Published 28/01/2016

Dr Janet Acheson with Jamie Hamilton and Richard Nichols
Dr Janet Acheson with Jamie Hamilton and Richard Nichols
Dr John Hinds

The partner of late road racing doctor John Hinds has said she hopes his legacy will be the provision of an emergency air ambulance for Northern Ireland.

Dr Janet Acheson made the comments while accepting a special posthumous award on his behalf for exceptional services to motorcycle racing.

John, known as one of the flying doctors of Irish road racing, was fatally injured last July as he provided medical cover at a Skerries 100 practice session in Co Dublin. While travelling behind riders on a practice lap, his bike crashed into a wall.

"There's nothing that's going to compensate me for John's loss," said Dr Acheson. "But John got an awful lot of fulfilment out of saving people's lives and limbs at road races."

John, a consultant anaesthetist at Craigavon Area Hospital, campaigned for a dedicated helicopter emergency medical service, and Dr Acheson said that he "struggled at times because doors were not being opened".

"If anything good comes out of John's death, hopefully it will be that there are lives saved," she added. "In some ways, this is much bigger than John. His death has brought this into the spotlight in a way I don't think it would have been otherwise. That's a positive I have to take."

The award, sponsored by Greenlight Television, will be announced at tomorrow night's Cornmarket Bike Awards - the Oscars of motorcycle racing.

It was handed over in advance as Dr Acheson will be attending the John Hinds Trauma Lecture by Dr Brian Burns from the Sydney Helicopter Emergency Medical Service at Belfast's Titanic Centre on the same day.

The presentation was made by Ballyclare road racer Jamie Hamilton, who was airlifted after a crash at the Manx TT last year and was one of the many racers who John helped.

"I had a personal coming together with John last year when I had a crash at Skerries," Jamie said. "He helped me and even the after-support he gave me following the crash meant a lot. As for the helicopter fund that John was dealing with, I had a helicopter at the TT last year. It saved me, and that's why it means a lot to me."

Dr Acheson told how the trophy would take "pride of place on our mantelpiece at home".

"My wish is that John was here to receive this, but I am proud and honoured to accept it on his behalf," she said. "John did love saving lives and limbs, and it gave him fulfilment in his medical career, but as an avid motorcycling fan he always said he had the best seat in the house. I'm sure the motorcycling fraternity will always be behind the medical team of the MCUI (the Motorcycle Union of Ireland). I think this award is as much theirs as it is John's."

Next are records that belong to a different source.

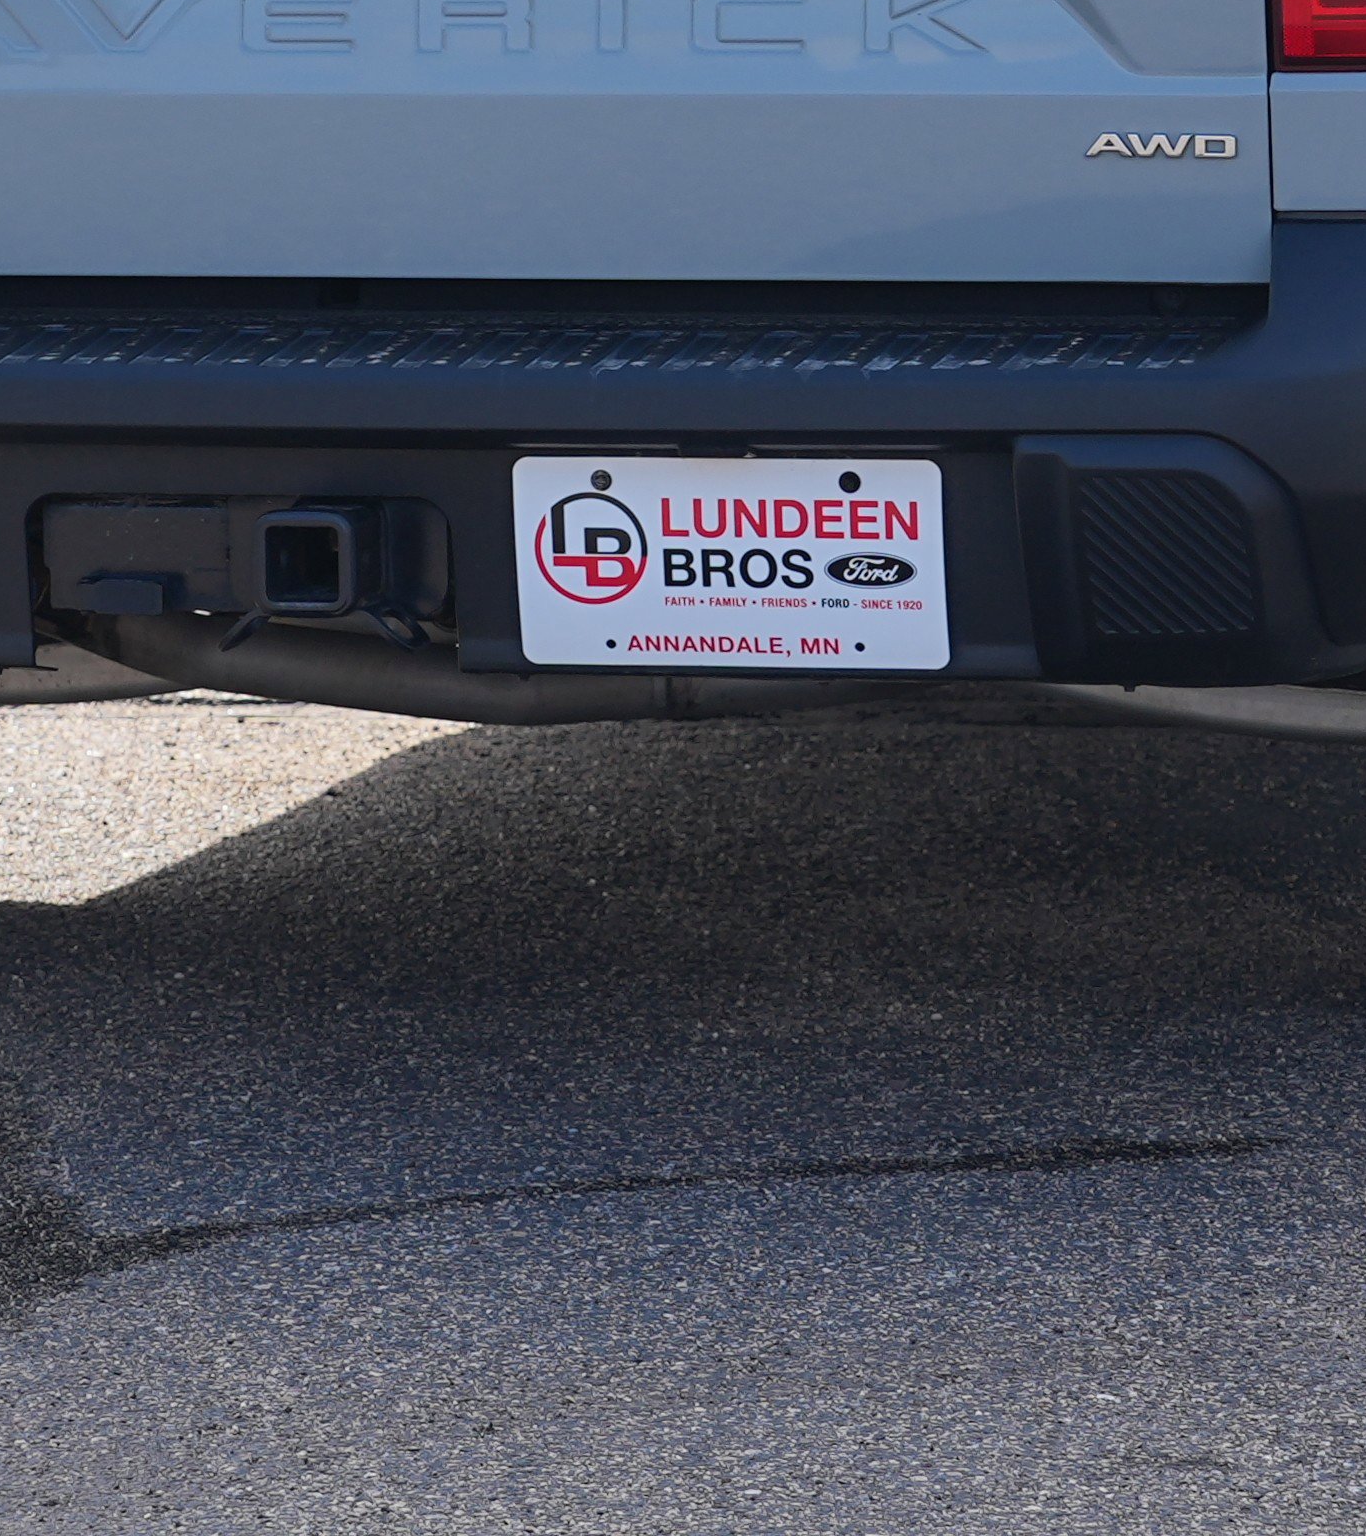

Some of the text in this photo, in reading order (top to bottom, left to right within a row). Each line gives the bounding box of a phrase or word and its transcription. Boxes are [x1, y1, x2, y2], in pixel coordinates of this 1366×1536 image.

[1085, 131, 1237, 158] AWD
[661, 497, 919, 541] LUNDEEN
[664, 548, 899, 589] BROS Ford
[664, 596, 923, 611] FAITH FAMILY FRIENDS FORD SINCE 1920
[627, 634, 840, 658] ANNANDALE, MN

Northern Ireland is the only region in the UK or Ireland without an emergency medial helicopter, though there are hopes one will be in place in time for this year's North West 200.

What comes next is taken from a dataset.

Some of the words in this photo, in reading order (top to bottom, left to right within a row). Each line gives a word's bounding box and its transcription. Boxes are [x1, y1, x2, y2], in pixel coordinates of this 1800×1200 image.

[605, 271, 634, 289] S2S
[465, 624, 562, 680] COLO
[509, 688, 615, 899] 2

A public consultation on the viability of such a service has just finished. More than 65,000 signatures have been added to a petition in support of it. Cost of the service is £2.38m, with annual running costs of £1.8m.

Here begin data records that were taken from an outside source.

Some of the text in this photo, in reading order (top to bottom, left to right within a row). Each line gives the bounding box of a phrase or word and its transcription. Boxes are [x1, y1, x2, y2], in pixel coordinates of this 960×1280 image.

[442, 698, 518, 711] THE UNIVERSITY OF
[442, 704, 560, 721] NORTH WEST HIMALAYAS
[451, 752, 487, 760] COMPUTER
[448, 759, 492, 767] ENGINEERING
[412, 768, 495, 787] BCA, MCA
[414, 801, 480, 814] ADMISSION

In September Health Minister Simon Hamilton said he was committed to the idea.

"I believe the time is right to transform our trauma services, with the debate on the need for a helicopter emergency medical service providing the opportunity for this," said Mr Hamilton.

The minister said he hoped a "robust and recurrent charitable funding contribution" could be secured to help finance the service.